## [MATERIAL FOR THIS TASK]
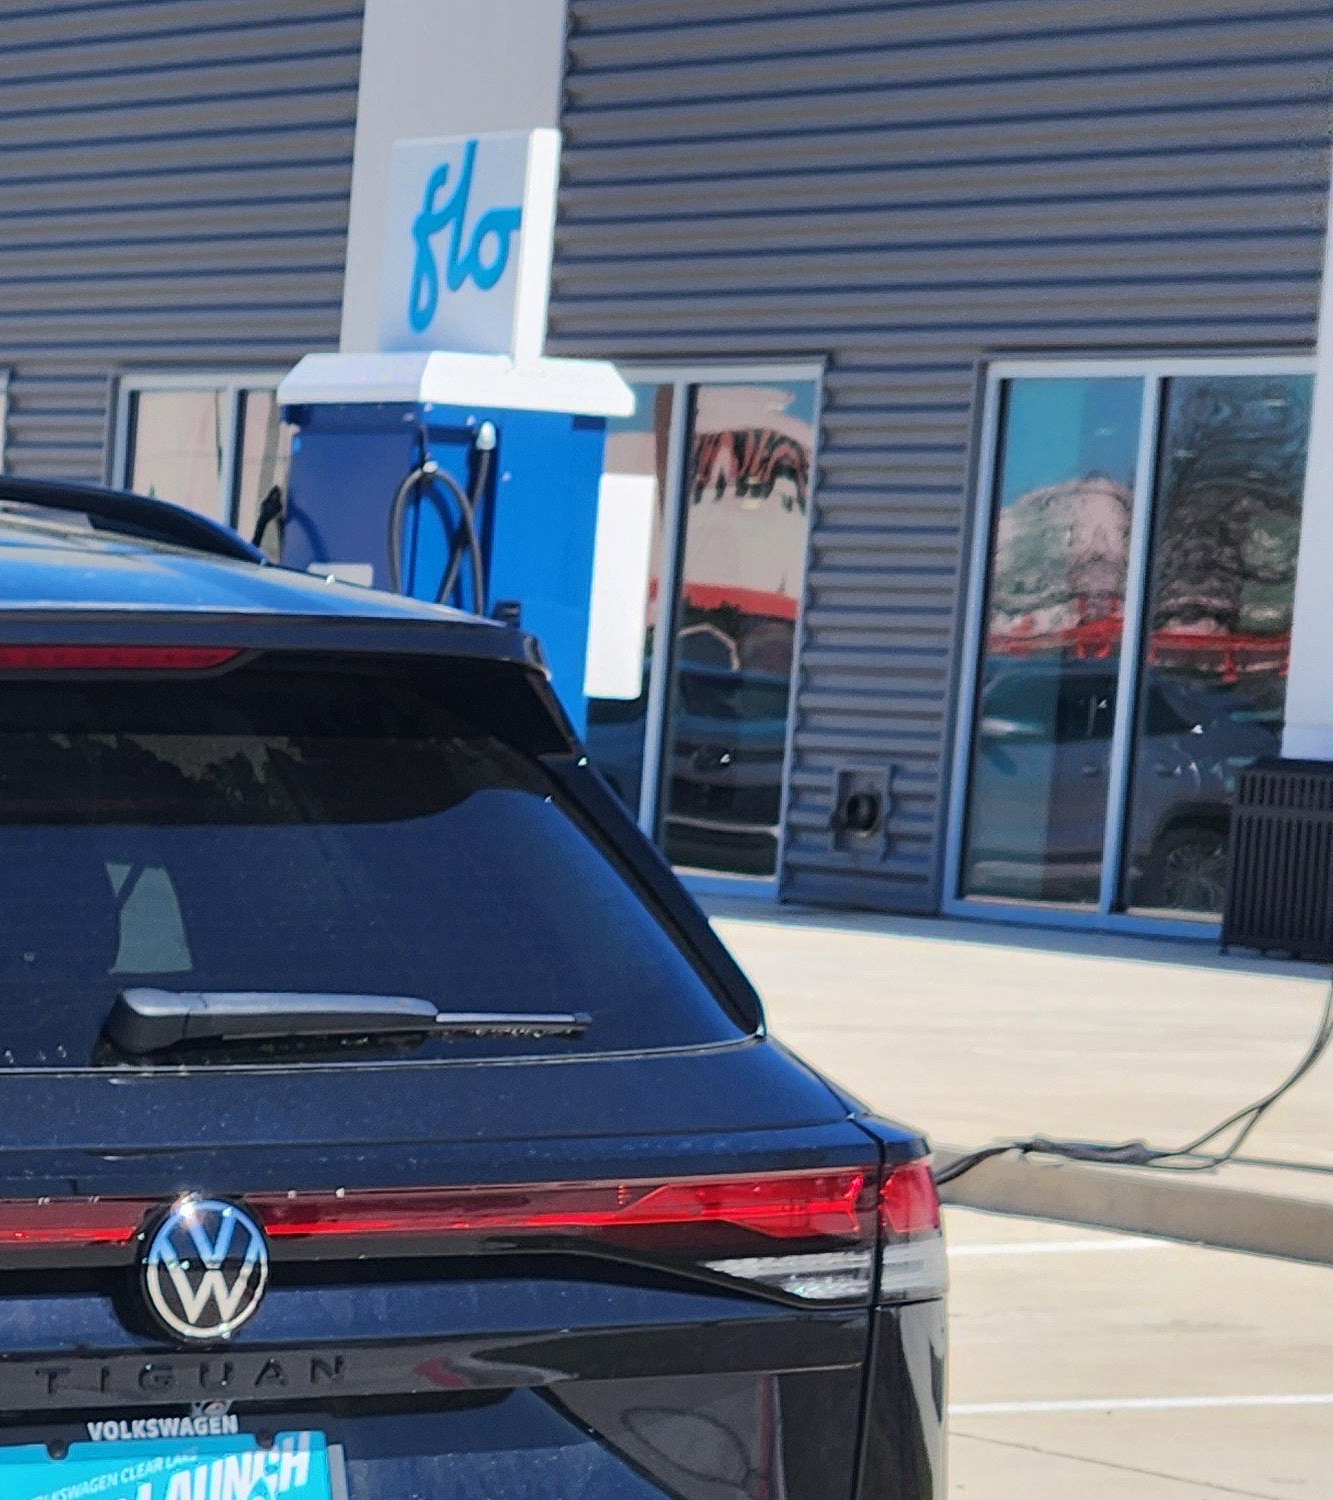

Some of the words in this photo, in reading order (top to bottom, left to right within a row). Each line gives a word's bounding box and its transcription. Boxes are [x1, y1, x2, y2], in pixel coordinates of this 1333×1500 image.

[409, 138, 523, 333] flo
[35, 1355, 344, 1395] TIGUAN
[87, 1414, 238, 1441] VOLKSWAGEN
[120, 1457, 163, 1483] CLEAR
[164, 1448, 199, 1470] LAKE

## [THE TASK]
A faithful copy of every record is needed here. Leave the images out of it.

## [TASK SOLUTION]
Some of the words in this photo, in reading order (top to bottom, left to right within a row). Each line gives a word's bounding box and its transcription. Boxes are [x1, y1, x2, y2], in pixel coordinates of this 1333×1500 image.

[409, 138, 523, 333] flo
[35, 1355, 344, 1395] TIGUAN
[87, 1414, 238, 1441] VOLKSWAGEN
[120, 1457, 163, 1483] CLEAR
[164, 1448, 199, 1470] LAKE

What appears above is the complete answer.